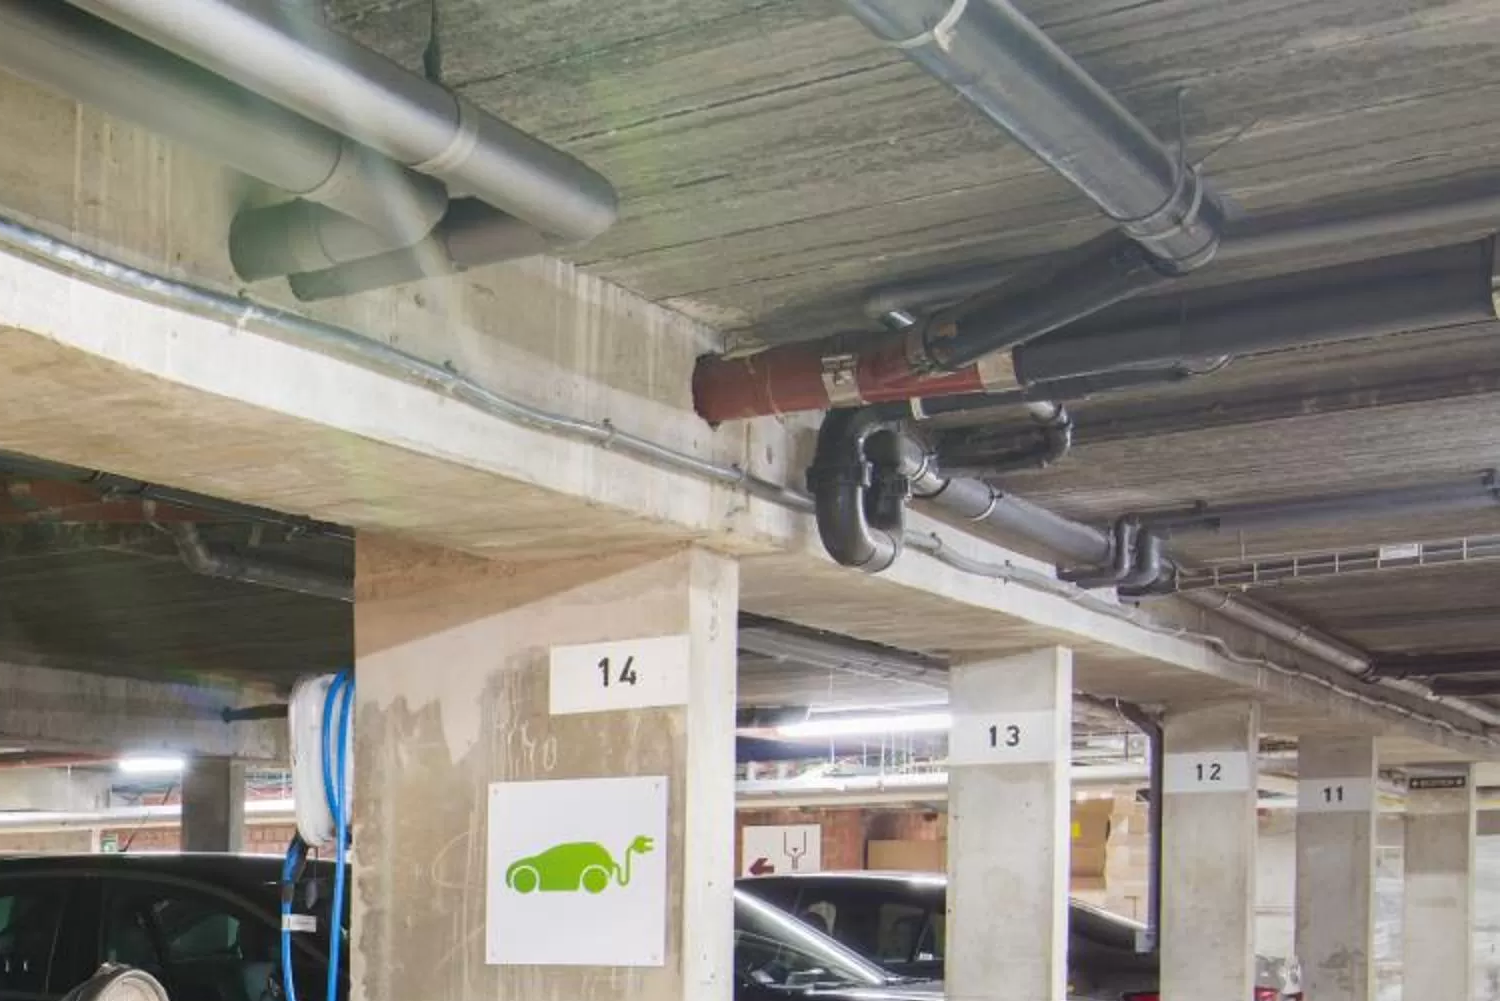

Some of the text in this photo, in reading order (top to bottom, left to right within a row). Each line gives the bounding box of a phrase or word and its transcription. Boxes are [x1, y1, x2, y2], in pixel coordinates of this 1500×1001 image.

[598, 656, 637, 687] 14
[989, 725, 1020, 747] 13
[1196, 763, 1221, 781] 12
[1324, 785, 1344, 802] 11
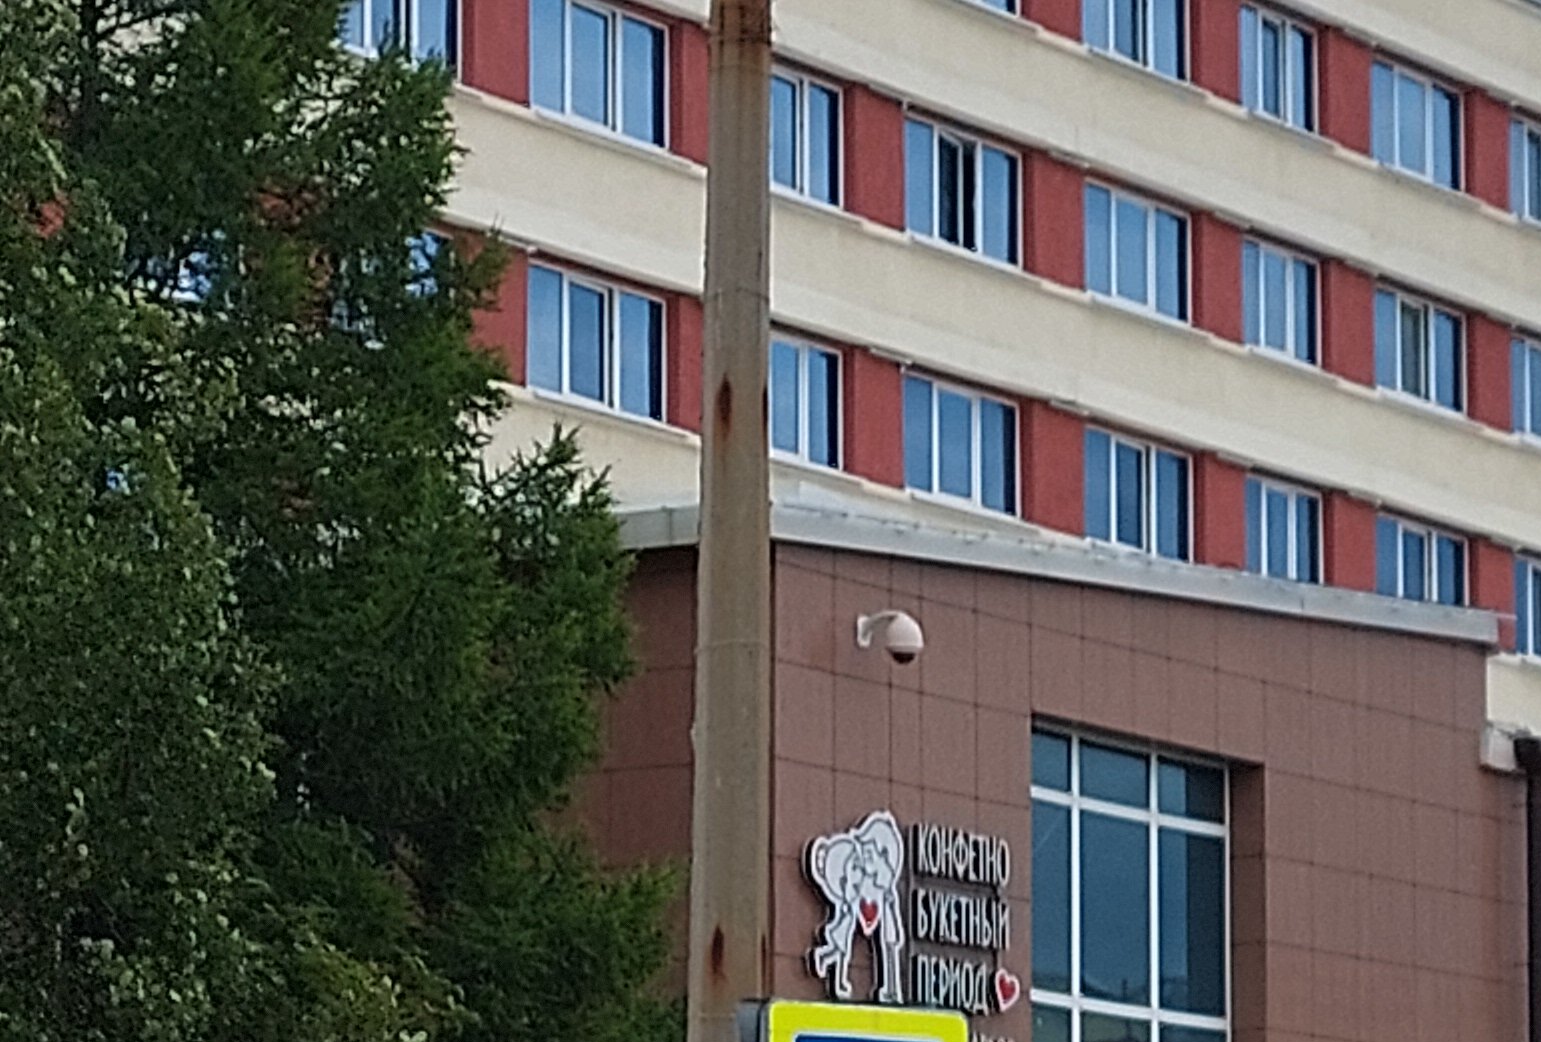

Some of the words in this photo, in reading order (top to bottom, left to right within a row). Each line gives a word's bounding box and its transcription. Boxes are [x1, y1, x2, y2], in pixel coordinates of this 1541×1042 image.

[916, 823, 1010, 887] КОНФЕТНО
[916, 888, 1010, 950] БУКЕТНЫЙ
[916, 955, 990, 1017] ПЕРИОД
------------------------------------
## Instructions to follow
Transcribe all entries above exactly. Drop the pictures.

## Exercise solution
Some of the text in this photo, in reading order (top to bottom, left to right within a row). Each line gives the bounding box of a phrase or word and its transcription. Boxes are [x1, y1, x2, y2], in pixel coordinates of this 1500×1001 image.

[598, 656, 637, 687] 14
[989, 725, 1020, 747] 13
[1196, 763, 1221, 781] 12
[1324, 785, 1344, 802] 11

Some of the words in this photo, in reading order (top to bottom, left to right within a row). Each line gives a word's bounding box and its transcription. Boxes are [x1, y1, x2, y2], in pixel coordinates of this 1541×1042 image.

[916, 823, 1010, 887] КОНФЕТНО
[916, 888, 1010, 950] БУКЕТНЫЙ
[916, 955, 990, 1017] ПЕРИОД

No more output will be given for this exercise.